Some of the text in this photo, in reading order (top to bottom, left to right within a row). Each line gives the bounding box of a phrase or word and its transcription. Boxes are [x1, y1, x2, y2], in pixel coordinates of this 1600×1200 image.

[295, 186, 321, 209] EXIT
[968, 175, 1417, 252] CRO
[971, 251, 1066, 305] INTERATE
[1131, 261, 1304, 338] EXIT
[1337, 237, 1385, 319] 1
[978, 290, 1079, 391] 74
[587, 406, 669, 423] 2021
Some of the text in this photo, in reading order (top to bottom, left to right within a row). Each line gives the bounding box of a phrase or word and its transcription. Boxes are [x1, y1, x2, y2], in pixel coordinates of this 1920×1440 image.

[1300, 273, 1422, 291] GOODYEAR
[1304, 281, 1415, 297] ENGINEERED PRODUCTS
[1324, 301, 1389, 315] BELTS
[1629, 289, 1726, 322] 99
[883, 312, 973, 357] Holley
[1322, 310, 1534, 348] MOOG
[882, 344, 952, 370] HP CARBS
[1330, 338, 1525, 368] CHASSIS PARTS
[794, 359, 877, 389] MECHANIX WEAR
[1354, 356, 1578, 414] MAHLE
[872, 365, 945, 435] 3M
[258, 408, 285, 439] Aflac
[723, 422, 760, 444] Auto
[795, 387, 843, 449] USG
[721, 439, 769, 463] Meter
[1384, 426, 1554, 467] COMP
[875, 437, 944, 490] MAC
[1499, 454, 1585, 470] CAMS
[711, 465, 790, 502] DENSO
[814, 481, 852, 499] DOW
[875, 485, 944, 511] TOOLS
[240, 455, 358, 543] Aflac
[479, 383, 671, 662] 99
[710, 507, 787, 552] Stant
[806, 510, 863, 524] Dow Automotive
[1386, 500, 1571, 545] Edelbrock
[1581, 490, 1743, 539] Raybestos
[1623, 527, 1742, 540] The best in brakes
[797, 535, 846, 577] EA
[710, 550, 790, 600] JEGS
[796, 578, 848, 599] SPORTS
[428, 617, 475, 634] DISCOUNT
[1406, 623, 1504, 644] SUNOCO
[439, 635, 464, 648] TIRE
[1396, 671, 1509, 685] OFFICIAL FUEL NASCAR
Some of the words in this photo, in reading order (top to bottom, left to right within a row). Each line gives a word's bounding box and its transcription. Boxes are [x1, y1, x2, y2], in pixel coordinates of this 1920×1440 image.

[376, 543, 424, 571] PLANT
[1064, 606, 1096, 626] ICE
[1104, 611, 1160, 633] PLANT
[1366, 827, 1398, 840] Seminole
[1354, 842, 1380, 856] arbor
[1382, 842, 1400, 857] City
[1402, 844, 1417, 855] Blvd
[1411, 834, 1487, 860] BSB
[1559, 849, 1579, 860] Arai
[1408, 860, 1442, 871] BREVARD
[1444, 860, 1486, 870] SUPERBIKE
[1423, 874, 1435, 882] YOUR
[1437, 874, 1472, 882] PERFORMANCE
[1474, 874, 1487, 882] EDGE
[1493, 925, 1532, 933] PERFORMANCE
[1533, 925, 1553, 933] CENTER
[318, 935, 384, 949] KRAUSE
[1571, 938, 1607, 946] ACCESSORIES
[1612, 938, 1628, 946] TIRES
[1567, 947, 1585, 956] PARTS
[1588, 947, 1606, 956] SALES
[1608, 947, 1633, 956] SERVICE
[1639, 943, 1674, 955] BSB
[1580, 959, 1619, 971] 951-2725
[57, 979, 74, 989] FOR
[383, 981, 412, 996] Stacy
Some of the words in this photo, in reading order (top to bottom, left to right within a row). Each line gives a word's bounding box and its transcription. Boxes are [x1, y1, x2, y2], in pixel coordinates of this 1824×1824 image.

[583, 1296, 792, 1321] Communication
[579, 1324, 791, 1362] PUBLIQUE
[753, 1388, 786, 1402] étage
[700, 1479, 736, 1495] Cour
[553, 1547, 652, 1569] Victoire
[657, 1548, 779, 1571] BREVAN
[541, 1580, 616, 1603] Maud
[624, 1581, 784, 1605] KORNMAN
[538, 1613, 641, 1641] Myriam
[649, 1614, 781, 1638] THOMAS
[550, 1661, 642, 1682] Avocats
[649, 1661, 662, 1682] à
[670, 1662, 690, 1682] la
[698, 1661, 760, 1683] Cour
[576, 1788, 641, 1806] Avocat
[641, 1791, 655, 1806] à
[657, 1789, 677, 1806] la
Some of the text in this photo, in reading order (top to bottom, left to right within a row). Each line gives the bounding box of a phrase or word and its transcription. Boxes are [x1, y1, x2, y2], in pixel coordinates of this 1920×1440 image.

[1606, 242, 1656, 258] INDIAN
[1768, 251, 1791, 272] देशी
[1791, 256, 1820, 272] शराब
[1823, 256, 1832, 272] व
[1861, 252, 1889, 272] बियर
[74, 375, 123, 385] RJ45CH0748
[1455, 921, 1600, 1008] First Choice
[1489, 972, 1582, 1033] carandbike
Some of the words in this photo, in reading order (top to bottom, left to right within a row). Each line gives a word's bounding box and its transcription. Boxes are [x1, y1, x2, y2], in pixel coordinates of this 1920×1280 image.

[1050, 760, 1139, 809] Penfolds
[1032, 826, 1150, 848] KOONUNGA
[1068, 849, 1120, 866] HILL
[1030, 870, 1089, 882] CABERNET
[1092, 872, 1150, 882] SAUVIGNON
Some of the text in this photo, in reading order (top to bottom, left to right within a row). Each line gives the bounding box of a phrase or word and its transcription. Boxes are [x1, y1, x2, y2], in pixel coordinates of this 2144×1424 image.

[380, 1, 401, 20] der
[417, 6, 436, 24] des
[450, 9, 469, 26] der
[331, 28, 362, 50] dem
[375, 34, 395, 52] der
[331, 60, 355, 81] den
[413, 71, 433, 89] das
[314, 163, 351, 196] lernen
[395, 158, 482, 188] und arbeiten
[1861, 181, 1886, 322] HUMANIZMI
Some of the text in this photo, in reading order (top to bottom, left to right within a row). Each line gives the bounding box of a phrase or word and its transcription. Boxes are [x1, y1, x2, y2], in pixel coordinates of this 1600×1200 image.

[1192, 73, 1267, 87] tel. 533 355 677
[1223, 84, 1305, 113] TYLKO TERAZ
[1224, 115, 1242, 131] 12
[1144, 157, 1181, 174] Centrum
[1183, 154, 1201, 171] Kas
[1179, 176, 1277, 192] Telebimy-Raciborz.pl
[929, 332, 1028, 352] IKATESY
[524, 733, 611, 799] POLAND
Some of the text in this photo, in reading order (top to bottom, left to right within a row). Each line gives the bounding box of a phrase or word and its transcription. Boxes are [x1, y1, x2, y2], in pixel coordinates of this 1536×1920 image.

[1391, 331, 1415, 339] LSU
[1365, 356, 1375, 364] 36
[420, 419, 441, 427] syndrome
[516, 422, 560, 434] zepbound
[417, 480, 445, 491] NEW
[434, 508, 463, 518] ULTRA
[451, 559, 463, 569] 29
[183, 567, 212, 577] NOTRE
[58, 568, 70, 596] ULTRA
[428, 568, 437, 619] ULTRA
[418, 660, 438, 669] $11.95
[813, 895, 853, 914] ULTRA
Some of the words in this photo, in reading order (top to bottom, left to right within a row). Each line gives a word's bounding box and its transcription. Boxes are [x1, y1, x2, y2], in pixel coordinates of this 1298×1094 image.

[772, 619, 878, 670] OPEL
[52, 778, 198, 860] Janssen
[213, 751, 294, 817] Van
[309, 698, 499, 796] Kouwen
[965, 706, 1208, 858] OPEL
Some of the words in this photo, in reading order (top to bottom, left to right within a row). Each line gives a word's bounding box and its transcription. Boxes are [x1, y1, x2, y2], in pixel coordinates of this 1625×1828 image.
######
[TASK STATEMENT] Keeping each line exactly as it is, retype all of the data.

[SOLUTION]
Some of the text in this photo, in reading order (top to bottom, left to right within a row). Each line gives the bounding box of a phrase or word and its transcription. Boxes are [x1, y1, x2, y2], in pixel coordinates of this 1600×1200 image.

[295, 186, 321, 209] EXIT
[968, 175, 1417, 252] CRO
[971, 251, 1066, 305] INTERATE
[1131, 261, 1304, 338] EXIT
[1337, 237, 1385, 319] 1
[978, 290, 1079, 391] 74
[587, 406, 669, 423] 2021
Some of the text in this photo, in reading order (top to bottom, left to right within a row). Each line gives the bounding box of a phrase or word and its transcription. Boxes are [x1, y1, x2, y2], in pixel coordinates of this 1920×1440 image.

[1300, 273, 1422, 291] GOODYEAR
[1304, 281, 1415, 297] ENGINEERED PRODUCTS
[1324, 301, 1389, 315] BELTS
[1629, 289, 1726, 322] 99
[883, 312, 973, 357] Holley
[1322, 310, 1534, 348] MOOG
[882, 344, 952, 370] HP CARBS
[1330, 338, 1525, 368] CHASSIS PARTS
[794, 359, 877, 389] MECHANIX WEAR
[1354, 356, 1578, 414] MAHLE
[872, 365, 945, 435] 3M
[258, 408, 285, 439] Aflac
[723, 422, 760, 444] Auto
[795, 387, 843, 449] USG
[721, 439, 769, 463] Meter
[1384, 426, 1554, 467] COMP
[875, 437, 944, 490] MAC
[1499, 454, 1585, 470] CAMS
[711, 465, 790, 502] DENSO
[814, 481, 852, 499] DOW
[875, 485, 944, 511] TOOLS
[240, 455, 358, 543] Aflac
[479, 383, 671, 662] 99
[710, 507, 787, 552] Stant
[806, 510, 863, 524] Dow Automotive
[1386, 500, 1571, 545] Edelbrock
[1581, 490, 1743, 539] Raybestos
[1623, 527, 1742, 540] The best in brakes
[797, 535, 846, 577] EA
[710, 550, 790, 600] JEGS
[796, 578, 848, 599] SPORTS
[428, 617, 475, 634] DISCOUNT
[1406, 623, 1504, 644] SUNOCO
[439, 635, 464, 648] TIRE
[1396, 671, 1509, 685] OFFICIAL FUEL NASCAR
Some of the words in this photo, in reading order (top to bottom, left to right within a row). Each line gives a word's bounding box and its transcription. Boxes are [x1, y1, x2, y2], in pixel coordinates of this 1920×1440 image.

[376, 543, 424, 571] PLANT
[1064, 606, 1096, 626] ICE
[1104, 611, 1160, 633] PLANT
[1366, 827, 1398, 840] Seminole
[1354, 842, 1380, 856] arbor
[1382, 842, 1400, 857] City
[1402, 844, 1417, 855] Blvd
[1411, 834, 1487, 860] BSB
[1559, 849, 1579, 860] Arai
[1408, 860, 1442, 871] BREVARD
[1444, 860, 1486, 870] SUPERBIKE
[1423, 874, 1435, 882] YOUR
[1437, 874, 1472, 882] PERFORMANCE
[1474, 874, 1487, 882] EDGE
[1493, 925, 1532, 933] PERFORMANCE
[1533, 925, 1553, 933] CENTER
[318, 935, 384, 949] KRAUSE
[1571, 938, 1607, 946] ACCESSORIES
[1612, 938, 1628, 946] TIRES
[1567, 947, 1585, 956] PARTS
[1588, 947, 1606, 956] SALES
[1608, 947, 1633, 956] SERVICE
[1639, 943, 1674, 955] BSB
[1580, 959, 1619, 971] 951-2725
[57, 979, 74, 989] FOR
[383, 981, 412, 996] Stacy
Some of the words in this photo, in reading order (top to bottom, left to right within a row). Each line gives a word's bounding box and its transcription. Boxes are [x1, y1, x2, y2], in pixel coordinates of this 1824×1824 image.

[583, 1296, 792, 1321] Communication
[579, 1324, 791, 1362] PUBLIQUE
[753, 1388, 786, 1402] étage
[700, 1479, 736, 1495] Cour
[553, 1547, 652, 1569] Victoire
[657, 1548, 779, 1571] BREVAN
[541, 1580, 616, 1603] Maud
[624, 1581, 784, 1605] KORNMAN
[538, 1613, 641, 1641] Myriam
[649, 1614, 781, 1638] THOMAS
[550, 1661, 642, 1682] Avocats
[649, 1661, 662, 1682] à
[670, 1662, 690, 1682] la
[698, 1661, 760, 1683] Cour
[576, 1788, 641, 1806] Avocat
[641, 1791, 655, 1806] à
[657, 1789, 677, 1806] la
Some of the text in this photo, in reading order (top to bottom, left to right within a row). Each line gives the bounding box of a phrase or word and its transcription. Boxes are [x1, y1, x2, y2], in pixel coordinates of this 1920×1440 image.

[1606, 242, 1656, 258] INDIAN
[1768, 251, 1791, 272] देशी
[1791, 256, 1820, 272] शराब
[1823, 256, 1832, 272] व
[1861, 252, 1889, 272] बियर
[74, 375, 123, 385] RJ45CH0748
[1455, 921, 1600, 1008] First Choice
[1489, 972, 1582, 1033] carandbike
Some of the words in this photo, in reading order (top to bottom, left to right within a row). Each line gives a word's bounding box and its transcription. Boxes are [x1, y1, x2, y2], in pixel coordinates of this 1920×1280 image.

[1050, 760, 1139, 809] Penfolds
[1032, 826, 1150, 848] KOONUNGA
[1068, 849, 1120, 866] HILL
[1030, 870, 1089, 882] CABERNET
[1092, 872, 1150, 882] SAUVIGNON
Some of the text in this photo, in reading order (top to bottom, left to right within a row). Each line gives the bounding box of a phrase or word and its transcription. Boxes are [x1, y1, x2, y2], in pixel coordinates of this 2144×1424 image.

[380, 1, 401, 20] der
[417, 6, 436, 24] des
[450, 9, 469, 26] der
[331, 28, 362, 50] dem
[375, 34, 395, 52] der
[331, 60, 355, 81] den
[413, 71, 433, 89] das
[314, 163, 351, 196] lernen
[395, 158, 482, 188] und arbeiten
[1861, 181, 1886, 322] HUMANIZMI
Some of the text in this photo, in reading order (top to bottom, left to right within a row). Each line gives the bounding box of a phrase or word and its transcription. Boxes are [x1, y1, x2, y2], in pixel coordinates of this 1600×1200 image.

[1192, 73, 1267, 87] tel. 533 355 677
[1223, 84, 1305, 113] TYLKO TERAZ
[1224, 115, 1242, 131] 12
[1144, 157, 1181, 174] Centrum
[1183, 154, 1201, 171] Kas
[1179, 176, 1277, 192] Telebimy-Raciborz.pl
[929, 332, 1028, 352] IKATESY
[524, 733, 611, 799] POLAND
Some of the text in this photo, in reading order (top to bottom, left to right within a row). Each line gives the bounding box of a phrase or word and its transcription. Boxes are [x1, y1, x2, y2], in pixel coordinates of this 1536×1920 image.

[1391, 331, 1415, 339] LSU
[1365, 356, 1375, 364] 36
[420, 419, 441, 427] syndrome
[516, 422, 560, 434] zepbound
[417, 480, 445, 491] NEW
[434, 508, 463, 518] ULTRA
[451, 559, 463, 569] 29
[183, 567, 212, 577] NOTRE
[58, 568, 70, 596] ULTRA
[428, 568, 437, 619] ULTRA
[418, 660, 438, 669] $11.95
[813, 895, 853, 914] ULTRA
Some of the words in this photo, in reading order (top to bottom, left to right within a row). Each line gives a word's bounding box and its transcription. Boxes are [x1, y1, x2, y2], in pixel coordinates of this 1298×1094 image.

[772, 619, 878, 670] OPEL
[52, 778, 198, 860] Janssen
[213, 751, 294, 817] Van
[309, 698, 499, 796] Kouwen
[965, 706, 1208, 858] OPEL
Some of the words in this photo, in reading order (top to bottom, left to right within a row). Each line gives a word's bounding box and its transcription. Boxes are [x1, y1, x2, y2], in pixel coordinates of this 1625×1828 image.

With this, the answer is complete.